16.13. CONTRACT MODIFICATIONS FOR PROSPECTIVE LEGAL EVENTS. In the event
any state or federal laws or regulations, now existing or enacted or
promulgated after the effective date of this Agreement, are interpreted by
judicial decisions, a regulatory agency or legal counsel in such a manner as to
indicate that the structure of this Agreement may be in violation of such laws
or regulations, Oncology and Response shall amend this Agreement as necessary.
To the maximum extent possible, any such amendment shall preserve the
underlying economic and financial arrangements between Oncology and Response.
16.14. REMEDIES CUMULATIVE. No remedy set forth in this Agreement or
otherwise conferred upon or reserved to any party shall be considered exclusive
of any other remedy available to any party, but the same shall be distinct,
separate and cumulative and may be exercised from time to time as often as
occasion may arise or as may be deemed expedient.
16.15. LANGUAGE CONSTRUCTION. The language in all parts of this
Agreement shall be construed, in all cases, according to its fair meaning, and
not for or against either party hereto. The parties acknowledge that each
party and its counsel have reviewed and revised this Agreement and that the
normal rule of construction to the effect that any ambiguities are to be
resolved against the drafting party shall not be employed in the interpretation
of this Agreement.
16.16. NO OBLIGATION TO THIRD PARTIES. None of the obligations and
duties of Response or Oncology under this Agreement shall in any way or in any
manner be deemed to create any obligation of Response or of Oncology to, or any
rights, in, any person or entity not a party to this Agreement.
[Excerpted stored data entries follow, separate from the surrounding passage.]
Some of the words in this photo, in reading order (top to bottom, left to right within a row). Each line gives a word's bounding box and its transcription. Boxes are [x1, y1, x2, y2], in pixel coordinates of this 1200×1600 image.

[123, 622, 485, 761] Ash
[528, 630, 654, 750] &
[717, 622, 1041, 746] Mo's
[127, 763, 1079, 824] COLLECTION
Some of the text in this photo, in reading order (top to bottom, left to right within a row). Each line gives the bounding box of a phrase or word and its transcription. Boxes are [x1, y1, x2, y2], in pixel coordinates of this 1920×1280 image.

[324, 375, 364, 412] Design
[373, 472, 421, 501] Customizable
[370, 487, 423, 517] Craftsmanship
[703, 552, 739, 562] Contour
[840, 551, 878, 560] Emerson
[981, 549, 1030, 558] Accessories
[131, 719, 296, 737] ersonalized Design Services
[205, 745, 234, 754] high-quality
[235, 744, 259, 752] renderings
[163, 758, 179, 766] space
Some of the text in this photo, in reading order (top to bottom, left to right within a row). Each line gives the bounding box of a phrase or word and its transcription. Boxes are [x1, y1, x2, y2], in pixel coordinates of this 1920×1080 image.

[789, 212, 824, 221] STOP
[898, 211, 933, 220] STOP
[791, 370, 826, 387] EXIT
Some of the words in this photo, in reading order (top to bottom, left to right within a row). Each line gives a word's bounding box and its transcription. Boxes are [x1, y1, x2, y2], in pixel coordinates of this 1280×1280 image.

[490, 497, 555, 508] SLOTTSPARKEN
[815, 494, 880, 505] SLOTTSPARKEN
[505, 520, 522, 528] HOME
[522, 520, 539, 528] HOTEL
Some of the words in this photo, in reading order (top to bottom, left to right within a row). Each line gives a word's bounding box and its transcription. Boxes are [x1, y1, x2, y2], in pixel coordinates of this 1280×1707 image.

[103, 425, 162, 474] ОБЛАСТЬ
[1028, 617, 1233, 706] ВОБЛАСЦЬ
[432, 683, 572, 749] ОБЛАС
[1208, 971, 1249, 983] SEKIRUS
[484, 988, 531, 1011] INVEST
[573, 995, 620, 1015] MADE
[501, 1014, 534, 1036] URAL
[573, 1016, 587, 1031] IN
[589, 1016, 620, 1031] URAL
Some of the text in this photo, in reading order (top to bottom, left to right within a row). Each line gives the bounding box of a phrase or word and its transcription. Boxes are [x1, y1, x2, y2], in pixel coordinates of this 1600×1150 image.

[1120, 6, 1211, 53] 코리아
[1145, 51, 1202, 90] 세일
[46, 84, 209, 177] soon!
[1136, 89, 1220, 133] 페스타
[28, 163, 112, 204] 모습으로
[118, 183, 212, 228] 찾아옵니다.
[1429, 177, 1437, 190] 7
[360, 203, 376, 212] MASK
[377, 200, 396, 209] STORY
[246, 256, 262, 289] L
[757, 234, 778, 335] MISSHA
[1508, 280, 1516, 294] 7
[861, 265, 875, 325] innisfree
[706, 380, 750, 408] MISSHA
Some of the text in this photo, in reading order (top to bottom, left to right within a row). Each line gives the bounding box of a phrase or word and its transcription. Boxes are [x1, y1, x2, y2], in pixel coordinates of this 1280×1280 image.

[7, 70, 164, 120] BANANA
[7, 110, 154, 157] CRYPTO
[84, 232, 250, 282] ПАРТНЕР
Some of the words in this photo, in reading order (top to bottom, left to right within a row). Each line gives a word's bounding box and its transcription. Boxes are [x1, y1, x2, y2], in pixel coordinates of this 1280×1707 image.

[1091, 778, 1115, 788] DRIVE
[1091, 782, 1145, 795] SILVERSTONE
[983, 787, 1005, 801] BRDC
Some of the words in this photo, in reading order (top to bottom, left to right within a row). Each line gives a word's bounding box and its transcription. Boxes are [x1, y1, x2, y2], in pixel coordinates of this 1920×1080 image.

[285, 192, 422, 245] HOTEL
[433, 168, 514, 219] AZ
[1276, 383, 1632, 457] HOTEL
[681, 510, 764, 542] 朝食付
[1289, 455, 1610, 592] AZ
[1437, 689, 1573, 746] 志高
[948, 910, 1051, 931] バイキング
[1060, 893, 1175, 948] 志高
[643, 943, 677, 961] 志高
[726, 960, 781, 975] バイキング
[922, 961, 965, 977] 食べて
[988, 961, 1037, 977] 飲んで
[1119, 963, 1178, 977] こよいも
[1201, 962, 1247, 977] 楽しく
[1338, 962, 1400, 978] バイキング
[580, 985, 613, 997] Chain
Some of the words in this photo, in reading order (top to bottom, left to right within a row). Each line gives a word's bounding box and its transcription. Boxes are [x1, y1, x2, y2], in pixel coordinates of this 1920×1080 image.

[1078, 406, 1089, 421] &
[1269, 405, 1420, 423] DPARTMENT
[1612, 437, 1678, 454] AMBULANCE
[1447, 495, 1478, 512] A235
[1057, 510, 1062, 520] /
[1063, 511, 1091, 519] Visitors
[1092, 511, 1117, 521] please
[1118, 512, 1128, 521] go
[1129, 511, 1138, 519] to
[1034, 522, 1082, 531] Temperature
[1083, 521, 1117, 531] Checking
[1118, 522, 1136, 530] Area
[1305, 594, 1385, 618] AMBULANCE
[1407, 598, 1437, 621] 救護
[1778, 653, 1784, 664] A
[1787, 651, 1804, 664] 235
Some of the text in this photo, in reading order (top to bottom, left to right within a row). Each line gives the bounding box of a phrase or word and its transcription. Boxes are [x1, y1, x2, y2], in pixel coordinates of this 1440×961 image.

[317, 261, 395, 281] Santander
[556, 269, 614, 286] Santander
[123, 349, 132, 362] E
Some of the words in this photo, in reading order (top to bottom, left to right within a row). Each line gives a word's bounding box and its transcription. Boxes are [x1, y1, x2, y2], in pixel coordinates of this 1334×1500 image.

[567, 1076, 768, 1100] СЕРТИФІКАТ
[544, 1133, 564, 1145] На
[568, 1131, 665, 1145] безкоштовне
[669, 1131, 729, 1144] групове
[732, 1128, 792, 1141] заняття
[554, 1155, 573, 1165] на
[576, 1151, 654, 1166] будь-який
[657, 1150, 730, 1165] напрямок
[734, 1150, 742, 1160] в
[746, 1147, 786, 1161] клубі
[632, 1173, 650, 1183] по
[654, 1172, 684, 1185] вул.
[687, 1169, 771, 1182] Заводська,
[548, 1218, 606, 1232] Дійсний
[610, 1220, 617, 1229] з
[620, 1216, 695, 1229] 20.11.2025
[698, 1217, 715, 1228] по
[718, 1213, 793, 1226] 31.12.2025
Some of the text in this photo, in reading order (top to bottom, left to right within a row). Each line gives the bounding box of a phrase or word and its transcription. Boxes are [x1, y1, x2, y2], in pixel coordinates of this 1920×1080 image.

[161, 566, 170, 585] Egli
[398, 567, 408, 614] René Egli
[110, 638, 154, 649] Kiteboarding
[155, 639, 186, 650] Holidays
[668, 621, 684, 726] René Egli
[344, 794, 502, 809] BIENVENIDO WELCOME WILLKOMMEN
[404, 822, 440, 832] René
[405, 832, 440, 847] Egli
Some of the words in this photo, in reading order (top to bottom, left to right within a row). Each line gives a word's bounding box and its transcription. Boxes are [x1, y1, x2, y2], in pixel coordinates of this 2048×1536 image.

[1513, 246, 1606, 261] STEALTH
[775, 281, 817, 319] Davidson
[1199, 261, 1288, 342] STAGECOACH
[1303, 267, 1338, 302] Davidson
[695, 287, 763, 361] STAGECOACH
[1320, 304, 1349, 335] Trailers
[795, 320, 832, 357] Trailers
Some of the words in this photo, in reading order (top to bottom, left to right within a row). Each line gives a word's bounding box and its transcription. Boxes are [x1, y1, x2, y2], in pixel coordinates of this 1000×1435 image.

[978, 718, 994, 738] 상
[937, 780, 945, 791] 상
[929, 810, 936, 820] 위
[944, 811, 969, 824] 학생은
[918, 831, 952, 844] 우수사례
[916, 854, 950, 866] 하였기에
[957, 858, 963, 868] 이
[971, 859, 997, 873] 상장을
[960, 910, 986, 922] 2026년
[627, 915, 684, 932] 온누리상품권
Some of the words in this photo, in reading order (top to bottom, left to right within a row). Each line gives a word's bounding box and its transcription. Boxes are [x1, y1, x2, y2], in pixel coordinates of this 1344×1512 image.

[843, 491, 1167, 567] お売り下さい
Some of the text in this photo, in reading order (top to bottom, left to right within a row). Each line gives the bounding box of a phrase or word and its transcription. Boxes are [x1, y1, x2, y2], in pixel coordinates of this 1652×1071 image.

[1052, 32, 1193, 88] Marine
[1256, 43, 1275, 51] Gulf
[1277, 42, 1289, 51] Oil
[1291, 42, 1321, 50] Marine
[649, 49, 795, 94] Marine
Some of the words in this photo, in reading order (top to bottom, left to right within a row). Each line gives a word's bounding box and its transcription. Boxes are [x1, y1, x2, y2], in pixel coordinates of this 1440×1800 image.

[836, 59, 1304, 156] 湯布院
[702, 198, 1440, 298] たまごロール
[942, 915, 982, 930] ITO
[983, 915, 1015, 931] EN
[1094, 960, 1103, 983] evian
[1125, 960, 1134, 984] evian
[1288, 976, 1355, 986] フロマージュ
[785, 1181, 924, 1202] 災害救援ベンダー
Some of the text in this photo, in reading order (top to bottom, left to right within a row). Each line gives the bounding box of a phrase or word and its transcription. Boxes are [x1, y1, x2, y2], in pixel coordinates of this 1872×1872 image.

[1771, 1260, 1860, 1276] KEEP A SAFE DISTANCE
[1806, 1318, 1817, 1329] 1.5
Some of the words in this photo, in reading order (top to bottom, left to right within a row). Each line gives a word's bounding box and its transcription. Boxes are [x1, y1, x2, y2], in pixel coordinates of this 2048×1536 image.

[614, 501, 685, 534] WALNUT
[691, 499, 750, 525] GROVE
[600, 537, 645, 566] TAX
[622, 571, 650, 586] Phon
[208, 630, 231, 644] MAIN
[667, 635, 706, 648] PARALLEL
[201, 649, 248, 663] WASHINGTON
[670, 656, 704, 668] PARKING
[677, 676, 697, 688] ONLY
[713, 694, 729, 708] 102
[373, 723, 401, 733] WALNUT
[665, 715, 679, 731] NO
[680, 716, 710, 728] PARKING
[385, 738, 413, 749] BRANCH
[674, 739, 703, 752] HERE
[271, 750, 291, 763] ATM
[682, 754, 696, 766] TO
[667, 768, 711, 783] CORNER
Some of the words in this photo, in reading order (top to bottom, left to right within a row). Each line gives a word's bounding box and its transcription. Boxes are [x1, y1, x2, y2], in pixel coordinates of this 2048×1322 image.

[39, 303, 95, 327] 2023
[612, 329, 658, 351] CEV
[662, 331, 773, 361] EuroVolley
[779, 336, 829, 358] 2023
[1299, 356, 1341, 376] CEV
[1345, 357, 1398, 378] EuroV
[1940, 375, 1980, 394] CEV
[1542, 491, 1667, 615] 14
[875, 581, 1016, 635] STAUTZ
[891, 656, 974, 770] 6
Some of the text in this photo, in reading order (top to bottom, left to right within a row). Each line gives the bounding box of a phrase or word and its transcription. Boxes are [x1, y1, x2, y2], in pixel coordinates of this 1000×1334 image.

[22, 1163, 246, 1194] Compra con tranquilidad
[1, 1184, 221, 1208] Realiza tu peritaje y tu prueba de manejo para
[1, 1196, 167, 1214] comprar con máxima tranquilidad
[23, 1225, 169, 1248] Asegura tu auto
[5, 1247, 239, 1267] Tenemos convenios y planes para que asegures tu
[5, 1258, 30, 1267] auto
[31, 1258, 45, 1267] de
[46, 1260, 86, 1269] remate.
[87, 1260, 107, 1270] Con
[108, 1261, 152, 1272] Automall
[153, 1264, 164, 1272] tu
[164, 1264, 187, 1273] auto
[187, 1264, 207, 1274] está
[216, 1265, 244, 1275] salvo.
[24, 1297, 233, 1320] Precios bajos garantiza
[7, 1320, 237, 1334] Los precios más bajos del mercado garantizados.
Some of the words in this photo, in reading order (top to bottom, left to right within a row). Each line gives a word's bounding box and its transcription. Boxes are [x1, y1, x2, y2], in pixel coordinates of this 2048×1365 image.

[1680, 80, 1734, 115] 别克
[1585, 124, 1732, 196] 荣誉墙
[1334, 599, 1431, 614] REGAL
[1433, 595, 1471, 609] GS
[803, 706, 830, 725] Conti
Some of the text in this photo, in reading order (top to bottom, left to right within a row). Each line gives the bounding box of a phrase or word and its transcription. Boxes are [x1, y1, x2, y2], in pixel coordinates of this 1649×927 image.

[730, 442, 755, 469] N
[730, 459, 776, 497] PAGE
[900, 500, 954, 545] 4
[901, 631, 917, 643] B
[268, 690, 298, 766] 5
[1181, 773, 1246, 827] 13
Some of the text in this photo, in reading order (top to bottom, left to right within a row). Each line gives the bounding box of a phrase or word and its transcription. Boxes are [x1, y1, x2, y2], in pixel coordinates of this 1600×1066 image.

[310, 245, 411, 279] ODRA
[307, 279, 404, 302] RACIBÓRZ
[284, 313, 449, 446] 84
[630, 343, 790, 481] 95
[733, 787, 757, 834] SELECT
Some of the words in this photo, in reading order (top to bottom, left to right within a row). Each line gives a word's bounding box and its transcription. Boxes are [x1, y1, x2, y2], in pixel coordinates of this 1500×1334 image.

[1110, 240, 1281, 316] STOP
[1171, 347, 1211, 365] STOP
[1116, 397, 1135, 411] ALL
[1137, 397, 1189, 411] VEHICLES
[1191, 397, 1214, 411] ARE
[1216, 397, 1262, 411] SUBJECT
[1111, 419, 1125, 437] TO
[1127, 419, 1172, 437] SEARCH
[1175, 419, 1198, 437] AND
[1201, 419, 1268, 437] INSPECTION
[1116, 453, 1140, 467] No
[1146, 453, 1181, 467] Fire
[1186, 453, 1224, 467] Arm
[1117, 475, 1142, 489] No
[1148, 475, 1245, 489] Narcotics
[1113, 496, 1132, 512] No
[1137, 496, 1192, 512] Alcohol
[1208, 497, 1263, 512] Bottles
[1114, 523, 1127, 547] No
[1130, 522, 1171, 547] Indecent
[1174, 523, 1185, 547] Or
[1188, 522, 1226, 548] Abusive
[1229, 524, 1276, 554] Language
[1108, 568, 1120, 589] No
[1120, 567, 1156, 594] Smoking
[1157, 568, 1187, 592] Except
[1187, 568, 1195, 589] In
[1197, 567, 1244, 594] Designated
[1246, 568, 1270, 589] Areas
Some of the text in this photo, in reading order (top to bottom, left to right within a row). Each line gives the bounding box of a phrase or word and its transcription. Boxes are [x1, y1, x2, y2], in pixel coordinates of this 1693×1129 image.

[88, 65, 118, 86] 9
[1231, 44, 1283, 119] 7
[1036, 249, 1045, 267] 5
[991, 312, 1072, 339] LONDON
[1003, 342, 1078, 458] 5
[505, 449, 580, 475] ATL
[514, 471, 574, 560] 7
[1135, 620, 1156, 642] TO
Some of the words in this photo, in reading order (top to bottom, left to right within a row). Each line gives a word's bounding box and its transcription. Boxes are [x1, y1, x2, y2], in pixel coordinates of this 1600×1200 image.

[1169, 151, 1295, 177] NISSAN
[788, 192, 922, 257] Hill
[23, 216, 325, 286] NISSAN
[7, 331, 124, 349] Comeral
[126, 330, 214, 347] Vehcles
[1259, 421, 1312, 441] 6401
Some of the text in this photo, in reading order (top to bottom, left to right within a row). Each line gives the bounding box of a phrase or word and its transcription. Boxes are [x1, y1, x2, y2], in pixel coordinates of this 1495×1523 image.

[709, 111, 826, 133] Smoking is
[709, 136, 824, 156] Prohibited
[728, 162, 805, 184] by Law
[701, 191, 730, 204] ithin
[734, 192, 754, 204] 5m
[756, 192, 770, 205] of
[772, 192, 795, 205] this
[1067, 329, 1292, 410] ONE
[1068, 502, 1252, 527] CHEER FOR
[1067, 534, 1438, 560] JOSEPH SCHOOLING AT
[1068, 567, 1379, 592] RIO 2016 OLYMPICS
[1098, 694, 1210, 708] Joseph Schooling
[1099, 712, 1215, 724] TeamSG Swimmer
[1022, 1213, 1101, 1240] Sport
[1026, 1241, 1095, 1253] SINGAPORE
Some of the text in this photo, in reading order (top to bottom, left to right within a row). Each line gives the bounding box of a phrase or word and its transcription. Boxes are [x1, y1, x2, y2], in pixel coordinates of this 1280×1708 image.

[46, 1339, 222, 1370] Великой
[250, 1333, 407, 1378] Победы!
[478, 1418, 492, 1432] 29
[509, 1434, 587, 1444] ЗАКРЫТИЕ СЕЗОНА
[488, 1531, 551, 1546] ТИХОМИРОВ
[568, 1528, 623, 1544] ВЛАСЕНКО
16.17. COMMUNICATIONS. Oncology and Response agree that good
communication between the parties is essential to the successful performance of
this Agreement, and each pledges to communicate fully and clearly with the
other on mattes relating to the successful operation of Oncology's practice at
a Clinic.
IN WITNESS WHEREOF, the parties hereto have executed this Agreement as of
the date first written above.
ONCOLOGY HEMATOLOGY GROUP OF
SOUTH FLORIDA, P.A.
By:______________________________________
Title:___________________________________
RESPONSE ONCOLOGY, INC.
By:______________________________________
Title:___________________________________
PHYSICIANS:
_________________________________________
RESPONSE ONCOLOGY, INC.
SERVICE AGREEMENT
SCHEDULE A
The information contained in this Schedule has been omitted from this
Schedule and filed separately with the Securities and Exchange Commission
pursuant to Rule 24b-2 under the Securities Exchange Act of 1934.